Etat confusionnel

Dernière mise à jour : Août 2021

Signes cliniques

Le tableau clinique associe :
–   désorientation temporo-spatiale ;
–   troubles de la conscience ;
–   troubles de la concentration ;
–   troubles de la mémoire.
Ces troubles, d’installation rapide (quelques heures ou jours), sont souvent fluctuants au cours de la journée.
Un état d’agitation, des idées délirantes, des troubles du comportement ou des hallucinations (surtout visuelles) peuvent s'y associer.

Conduite à tenir

La confusion mentale résulte pratiquement toujours d’une cause organique qu’il faut rechercher :
–   Infectieuse : méningite, paludisme sévère, encéphalite, septicémie, syphilis, sida, etc.
–   Métabolique : hyper/hypoglycémie, troubles électrolytiques, déficit en niacine (vitamine PP ou B3) ou thiamine (vitamine B1), etc.
–   Endocrinienne : dysthyroïdie
–   Neurologique : épilepsie, hypertension intracrânienne, traumatisme crânien, hémorragie méningée, tumeur cérébrale, etc.
Penser aussi à la prise d’un médicament pouvant provoquer un état confusionnel (analgésiques opioïdes, nombreux psychotropes, fluoroquinolones, etc.) ou à la prise d’une substance toxique (alcool ou drogue) ou bien au sevrage de ces substances.

Un état confusionnel impose une hospitalisation. 
– Traiter la cause sous-jacente.

– Fournir des soins de support (nutrition, hydratation, équilibre électrolytique) ; assurer une bonne diurèse.
– Veiller à ce que le patient ne reçoive que des médicaments adaptés à ses besoins.
– Traiter la douleur si nécessaire (voir Douleur, Chapitre 1).

– Assurer un environnement sensoriel adéquat : limiter l'éclairage et le bruit.

L’administration de diazépam peut aggraver l'état confusionnel. En cas d'agitation persistante, si une sédation est vraiment nécessaire, utiliser de l'halopéridol à faible dose, pour une courte période (7 jours ou moins) :
halopéridol PO : 0,5 à 1 mg 2 fois par jour
ou halopéridol IM : 0,5 à 1 mg, à renouveler si le patient est toujours agité 30 à 60 minutes après la première injection. Si nécessaire, administrer des doses supplémentaires toutes les 4 heures, sans dépasser une dose totale de 5 mg par jour.

En cas de confusion liée à un sevrage d’alcool (délirium tremens) :
–   Placer le patient en soins intensifs.
–   Administrer du diazépam IV : 10 à 20 mg 4 à 6 fois par jour, sous surveillance étroite, avec du matériel de ventilation à portée de main.

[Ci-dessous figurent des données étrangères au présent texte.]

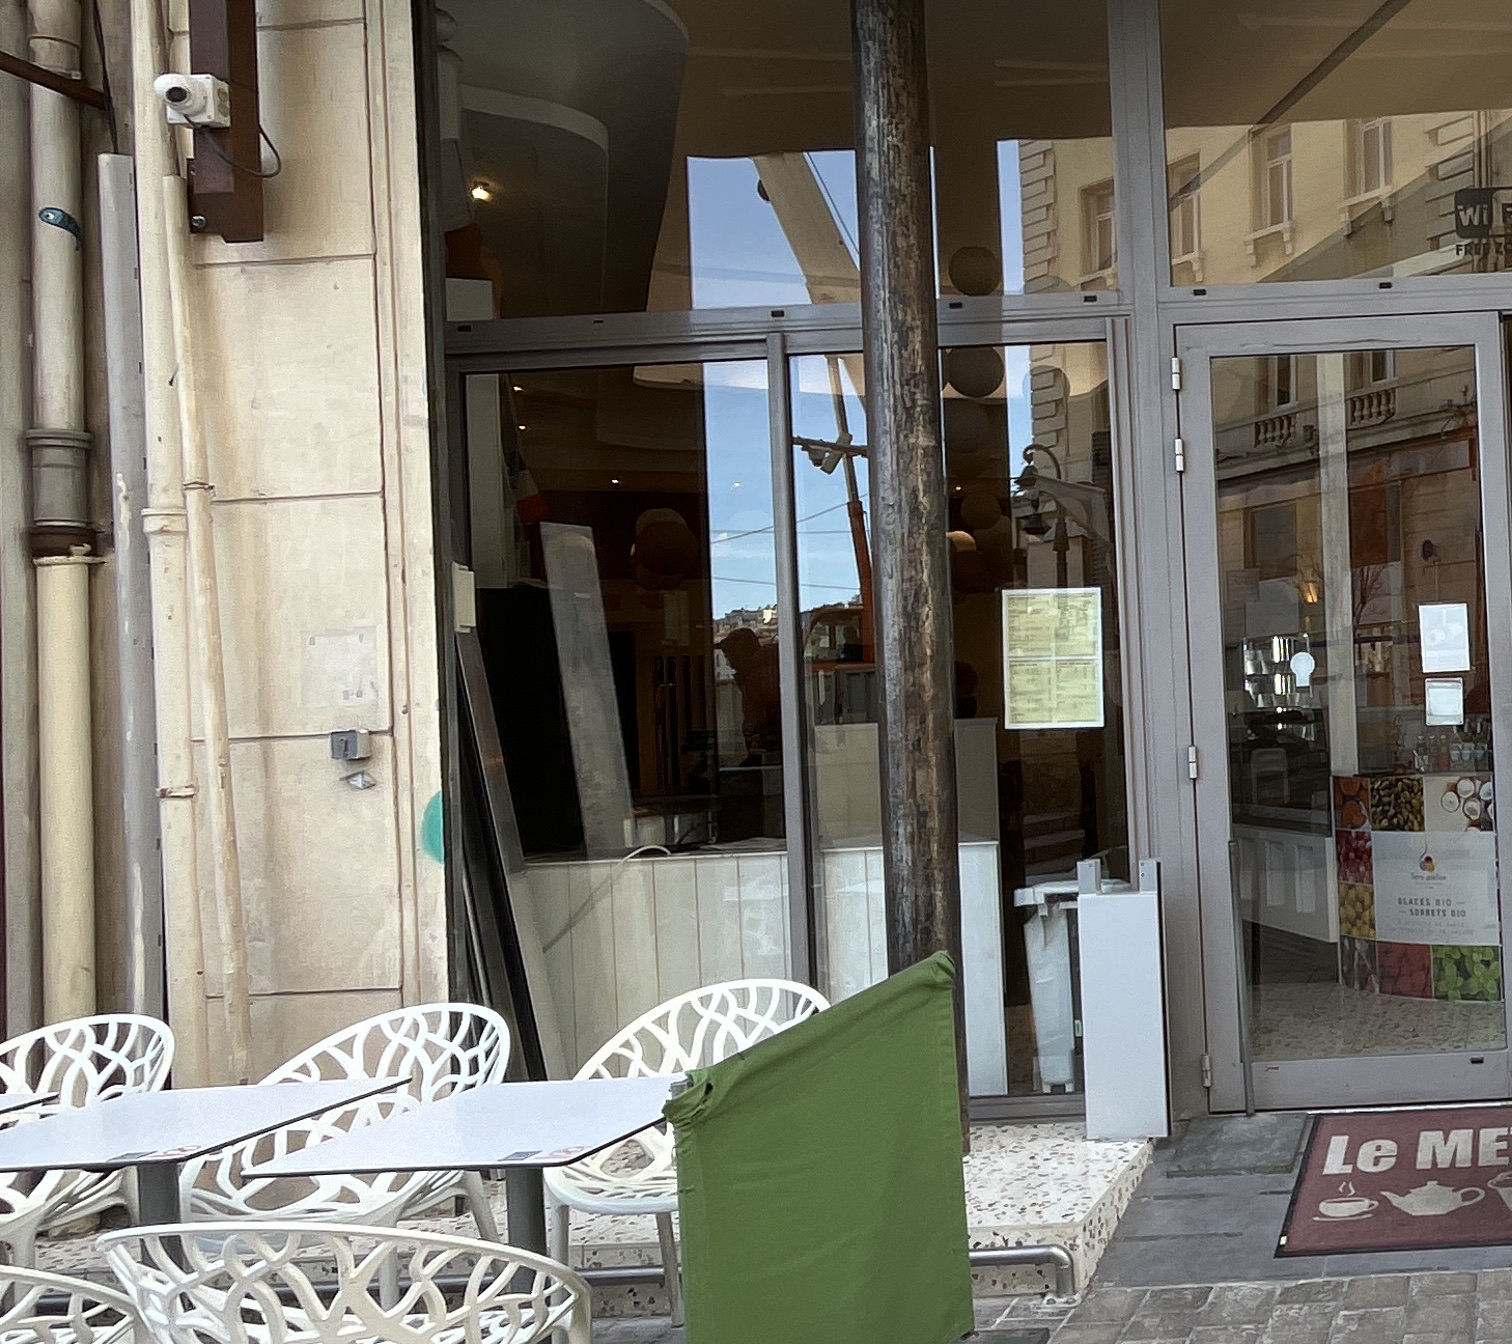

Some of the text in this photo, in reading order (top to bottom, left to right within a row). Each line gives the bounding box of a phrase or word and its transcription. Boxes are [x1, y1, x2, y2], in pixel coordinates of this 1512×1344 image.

[1456, 243, 1490, 256] FREE
[1435, 898, 1452, 907] BIO
[1321, 1135, 1398, 1175] Le

L’objectif est d’obtenir une légère sédation sans provoquer de dépression respiratoire. Les doses et la durée du traitement sont adaptées en fonction de l’évolution clinique.
–   Ajouter de la chlorpromazine IM si nécessaire : 25 à 50 mg 1 à 3 fois par jour.
–   Hydrater par voie IV : 2 à 4 litres de chlorure de sodium 0,9% par 24 heures.
–   Administrer de la thiamine IM ou IV très lente (en 30 minutes) : 100 mg 3 fois par jour pendant 3 à 5 jours.
–   Surveiller les fonctions vitales et la glycémie.